Esta semana me sorprendía leer que se habían exhumado de la Basílica de la Macarena los restos de Gonzalo Queipo de Llano, donde permanecían desde su fallecimiento en la década de los 50. El asombro no era por la exhumación en sí misma, sino por cuanto el traslado de los restos del teniente general, uno de los más cruentos represores del régimen en sus primeros años, se haya demorado cerca de medio siglo desde la muerte de Franco. Y transcurridos estos 50 años, aún sigue siendo motivo de controversia lo que hubiera resultado de lo más natural en los primeros tiempos de la democracia, especialmente con un partido de derechas en el Gobierno.

Con la llegada del Partido Popular al poder en 1996, el primer Gobierno conservador tras los años de transición de la UCD y los 14 de Gobierno socialista, lo razonable hubiera sido que José María Aznar y los suyos contribuyeran a cerrar heridas de la Guerra Civil.

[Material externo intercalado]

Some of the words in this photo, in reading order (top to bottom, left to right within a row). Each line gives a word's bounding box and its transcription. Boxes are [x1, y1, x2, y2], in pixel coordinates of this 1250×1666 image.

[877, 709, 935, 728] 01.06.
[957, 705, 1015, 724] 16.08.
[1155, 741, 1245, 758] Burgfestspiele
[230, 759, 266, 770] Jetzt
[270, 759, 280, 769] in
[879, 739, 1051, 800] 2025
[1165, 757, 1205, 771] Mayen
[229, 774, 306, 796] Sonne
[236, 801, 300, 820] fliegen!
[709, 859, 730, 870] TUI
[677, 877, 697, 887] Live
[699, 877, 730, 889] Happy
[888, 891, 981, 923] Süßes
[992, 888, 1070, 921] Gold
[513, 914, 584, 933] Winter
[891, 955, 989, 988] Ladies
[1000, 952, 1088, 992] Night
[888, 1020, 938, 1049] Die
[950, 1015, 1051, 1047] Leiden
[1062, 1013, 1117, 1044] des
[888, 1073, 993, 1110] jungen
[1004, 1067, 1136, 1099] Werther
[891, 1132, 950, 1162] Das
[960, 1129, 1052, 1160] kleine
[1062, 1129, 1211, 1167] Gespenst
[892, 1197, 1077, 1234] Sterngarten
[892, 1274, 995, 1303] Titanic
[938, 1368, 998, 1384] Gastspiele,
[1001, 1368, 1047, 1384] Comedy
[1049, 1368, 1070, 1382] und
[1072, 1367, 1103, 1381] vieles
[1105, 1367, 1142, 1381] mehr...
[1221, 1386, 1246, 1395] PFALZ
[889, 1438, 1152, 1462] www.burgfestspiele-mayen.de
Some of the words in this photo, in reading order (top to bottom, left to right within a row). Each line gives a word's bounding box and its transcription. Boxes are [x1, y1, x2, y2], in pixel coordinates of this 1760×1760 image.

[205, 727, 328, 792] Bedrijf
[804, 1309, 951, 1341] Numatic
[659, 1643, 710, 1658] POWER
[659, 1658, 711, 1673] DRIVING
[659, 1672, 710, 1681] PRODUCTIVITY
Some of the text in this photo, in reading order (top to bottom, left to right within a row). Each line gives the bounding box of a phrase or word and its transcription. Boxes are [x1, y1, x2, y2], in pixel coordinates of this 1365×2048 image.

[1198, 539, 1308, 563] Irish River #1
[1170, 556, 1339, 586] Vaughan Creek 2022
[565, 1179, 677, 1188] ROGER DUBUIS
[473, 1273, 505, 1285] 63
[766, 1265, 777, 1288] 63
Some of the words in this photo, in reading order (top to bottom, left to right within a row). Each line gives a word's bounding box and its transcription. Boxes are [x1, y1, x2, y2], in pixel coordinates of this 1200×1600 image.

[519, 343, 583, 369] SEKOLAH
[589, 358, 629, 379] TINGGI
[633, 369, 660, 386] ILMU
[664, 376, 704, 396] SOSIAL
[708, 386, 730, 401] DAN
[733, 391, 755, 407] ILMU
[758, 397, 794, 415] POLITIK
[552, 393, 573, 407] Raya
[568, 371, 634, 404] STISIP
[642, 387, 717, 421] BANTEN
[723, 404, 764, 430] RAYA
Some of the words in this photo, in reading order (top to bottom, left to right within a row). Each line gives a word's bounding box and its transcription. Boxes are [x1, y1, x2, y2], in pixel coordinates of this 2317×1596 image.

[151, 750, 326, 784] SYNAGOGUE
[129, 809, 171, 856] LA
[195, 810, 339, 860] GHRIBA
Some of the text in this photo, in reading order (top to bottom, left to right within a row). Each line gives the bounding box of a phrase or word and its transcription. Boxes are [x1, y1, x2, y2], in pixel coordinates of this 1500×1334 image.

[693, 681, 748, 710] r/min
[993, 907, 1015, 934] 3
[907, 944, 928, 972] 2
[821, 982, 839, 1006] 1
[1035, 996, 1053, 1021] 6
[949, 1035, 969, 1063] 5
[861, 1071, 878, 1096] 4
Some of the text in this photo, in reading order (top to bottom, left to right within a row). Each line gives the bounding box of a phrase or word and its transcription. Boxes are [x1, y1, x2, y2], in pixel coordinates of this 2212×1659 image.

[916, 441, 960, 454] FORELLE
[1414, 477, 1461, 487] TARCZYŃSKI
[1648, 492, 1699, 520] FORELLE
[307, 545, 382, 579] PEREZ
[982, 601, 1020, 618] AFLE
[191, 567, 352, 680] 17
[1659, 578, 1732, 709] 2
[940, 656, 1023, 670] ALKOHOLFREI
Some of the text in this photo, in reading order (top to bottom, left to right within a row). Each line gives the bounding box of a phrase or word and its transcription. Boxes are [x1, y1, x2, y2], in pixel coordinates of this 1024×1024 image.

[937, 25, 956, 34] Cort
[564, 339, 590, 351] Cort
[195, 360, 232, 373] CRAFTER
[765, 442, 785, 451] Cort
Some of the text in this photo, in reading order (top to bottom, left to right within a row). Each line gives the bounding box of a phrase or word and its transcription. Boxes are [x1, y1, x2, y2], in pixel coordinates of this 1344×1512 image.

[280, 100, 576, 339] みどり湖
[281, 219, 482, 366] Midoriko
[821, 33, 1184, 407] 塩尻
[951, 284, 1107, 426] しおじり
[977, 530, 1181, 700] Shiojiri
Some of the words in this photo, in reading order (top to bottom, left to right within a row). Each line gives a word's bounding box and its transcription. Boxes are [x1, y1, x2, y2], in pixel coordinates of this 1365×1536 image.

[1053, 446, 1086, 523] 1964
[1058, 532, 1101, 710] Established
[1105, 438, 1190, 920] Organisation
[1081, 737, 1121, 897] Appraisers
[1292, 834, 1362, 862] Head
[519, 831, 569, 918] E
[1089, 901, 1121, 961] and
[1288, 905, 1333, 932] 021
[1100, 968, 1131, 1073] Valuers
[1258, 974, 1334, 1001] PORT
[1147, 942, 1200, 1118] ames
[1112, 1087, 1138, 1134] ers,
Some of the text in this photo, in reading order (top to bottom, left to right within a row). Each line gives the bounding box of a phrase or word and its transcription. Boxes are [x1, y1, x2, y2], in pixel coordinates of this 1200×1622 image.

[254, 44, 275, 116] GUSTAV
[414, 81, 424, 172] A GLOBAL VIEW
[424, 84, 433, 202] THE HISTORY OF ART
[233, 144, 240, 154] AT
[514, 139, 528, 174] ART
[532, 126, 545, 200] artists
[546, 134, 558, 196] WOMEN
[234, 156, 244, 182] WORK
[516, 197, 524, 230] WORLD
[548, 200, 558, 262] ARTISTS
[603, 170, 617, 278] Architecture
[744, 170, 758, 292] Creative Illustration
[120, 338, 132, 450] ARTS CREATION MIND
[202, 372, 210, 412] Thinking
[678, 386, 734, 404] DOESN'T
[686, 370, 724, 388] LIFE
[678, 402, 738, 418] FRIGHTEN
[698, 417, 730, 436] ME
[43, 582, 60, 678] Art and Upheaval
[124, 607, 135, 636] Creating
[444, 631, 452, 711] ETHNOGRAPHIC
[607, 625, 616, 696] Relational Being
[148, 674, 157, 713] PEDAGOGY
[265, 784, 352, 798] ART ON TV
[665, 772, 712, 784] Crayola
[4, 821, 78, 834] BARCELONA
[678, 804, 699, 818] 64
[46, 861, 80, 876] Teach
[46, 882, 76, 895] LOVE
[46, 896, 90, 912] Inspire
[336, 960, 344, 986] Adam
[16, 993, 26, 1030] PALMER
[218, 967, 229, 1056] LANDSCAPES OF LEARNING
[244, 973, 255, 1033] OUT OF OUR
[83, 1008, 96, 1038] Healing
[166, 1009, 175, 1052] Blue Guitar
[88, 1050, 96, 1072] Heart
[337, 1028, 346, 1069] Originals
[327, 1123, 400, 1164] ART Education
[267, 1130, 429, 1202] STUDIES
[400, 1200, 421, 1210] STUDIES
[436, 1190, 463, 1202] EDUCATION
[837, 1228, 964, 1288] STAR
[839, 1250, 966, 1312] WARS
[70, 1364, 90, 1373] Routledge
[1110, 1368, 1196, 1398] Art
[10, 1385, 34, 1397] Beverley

De los conservadores se esperaba que, entendiendo su responsabilidad histórica, exhumaran los restos de Franco del Valle de los Caídos, desenterraran a los derrotados de sus fosas anónimas, trasladaran los papeles de Salamanca a Cataluña u otras acciones similares, de enorme simbolismo y efecto reparador.

Nada distinto, en el fondo, de lo que sí supo hacer la izquierda de Felipe González, que liberalizó la economía y nos integró en la OTAN, entre otras políticas más propias del conservadurismo. En determinados momentos singulares en la historia de un país, la izquierda debe hacer de derechas y la derecha de izquierdas. Es la manera de favorecer el reencuentro sin que nadie vea en el Gobierno de turno ni revanchismo ni populismo.

Sin embargo, nuestra derecha, en dichas situaciones históricas, no puede evitar ejercer aún más de derechas. Es lo que nuevamente ha sucedido con la exhumación de Queipo de Llano. Las declaraciones de Alberto Núñez Feijóo (“La política debe dejar a los muertos en paz”) son difíciles de creer. Medio siglo después de la muerte de Franco, seguimos sin entender aquello más básico de la condición humana: desde la necesidad de enterrar de manera digna a los ancestros a no rendir homenaje público a responsables de una represión descarnada, por victoriosa que resultara. Tras ello no percibo mala fe, simplemente que los conservadores se sustentan en la simpleza y comodidad de pensar que el tiempo, por sí solo, lo arregla todo. Nada más lejos de la realidad.

Miremos al momento que vivimos. Se decía que la revolución tecnológica y la apertura económica homogeneizarían social y políticamente el mundo, disipando viejos conflictos. Pues no. La condición humana, la geografía y la historia se empeñan en situarse por encima de cualquier revolución tecnológica o globalización económica.  Y lo consiguen.